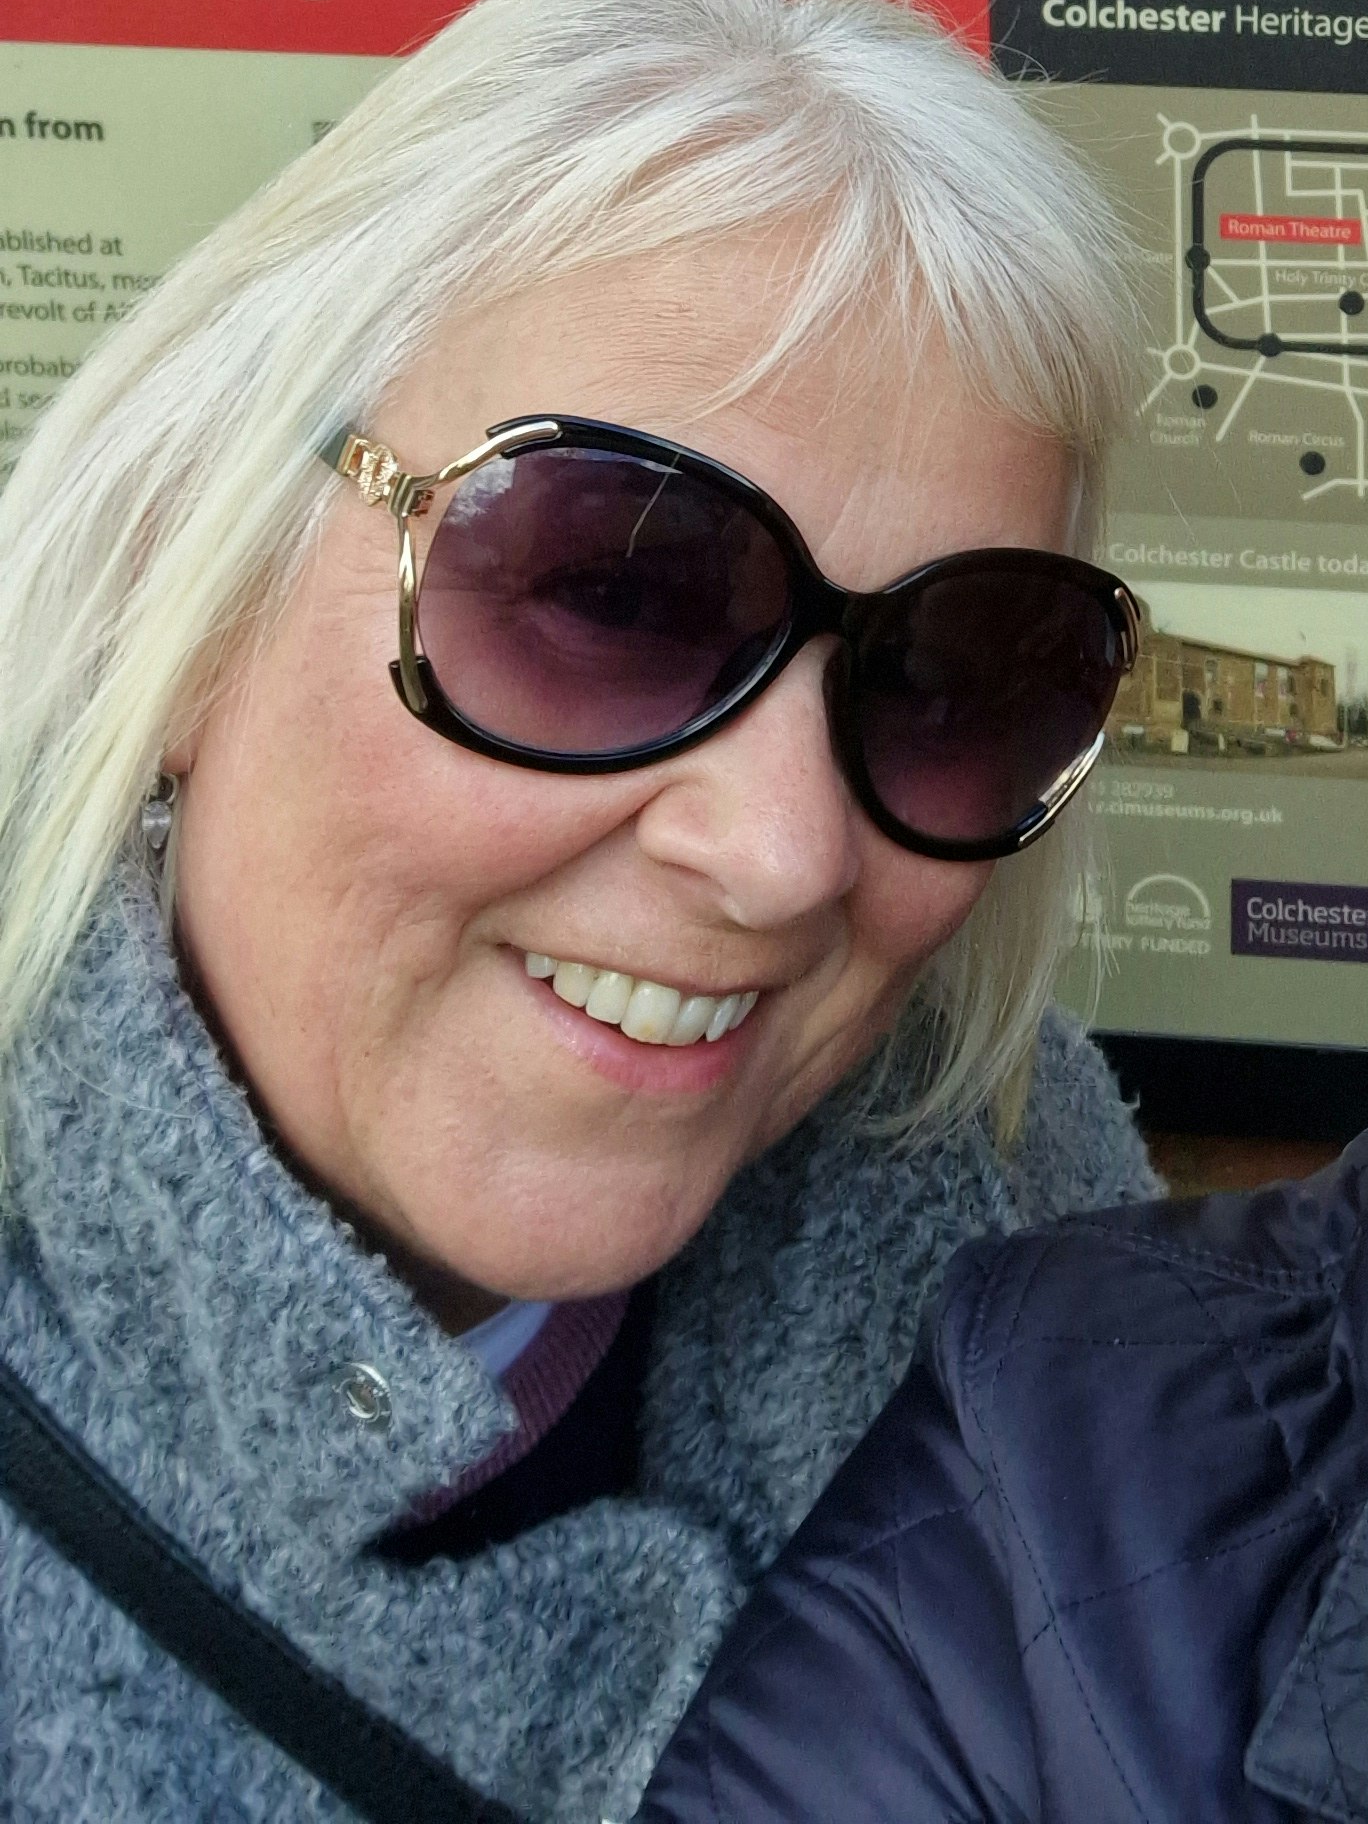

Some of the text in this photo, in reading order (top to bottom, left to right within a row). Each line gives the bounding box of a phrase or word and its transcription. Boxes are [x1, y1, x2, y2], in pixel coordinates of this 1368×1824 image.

[25, 110, 104, 141] from
[1229, 219, 1352, 240] Roman Theatre
[101, 237, 123, 256] at
[17, 264, 106, 291] Tacitus,
[1275, 270, 1308, 287] Holy
[1312, 271, 1355, 289] Trinity
[72, 302, 97, 323] of
[1248, 429, 1346, 447] Roman Circus
[1108, 542, 1233, 570] Colchester
[1239, 549, 1311, 573] Castle
[1247, 922, 1368, 951] Museums

==============================

**About this exercise:** Hand back the data exactly as it appears, with all pictures cut.

**Reply to the exercise:**
Some of the text in this photo, in reading order (top to bottom, left to right within a row). Each line gives the bounding box of a phrase or word and its transcription. Boxes are [x1, y1, x2, y2], in pixel coordinates of this 1368×1824 image.

[25, 110, 104, 141] from
[1229, 219, 1352, 240] Roman Theatre
[101, 237, 123, 256] at
[17, 264, 106, 291] Tacitus,
[1275, 270, 1308, 287] Holy
[1312, 271, 1355, 289] Trinity
[72, 302, 97, 323] of
[1248, 429, 1346, 447] Roman Circus
[1108, 542, 1233, 570] Colchester
[1239, 549, 1311, 573] Castle
[1247, 922, 1368, 951] Museums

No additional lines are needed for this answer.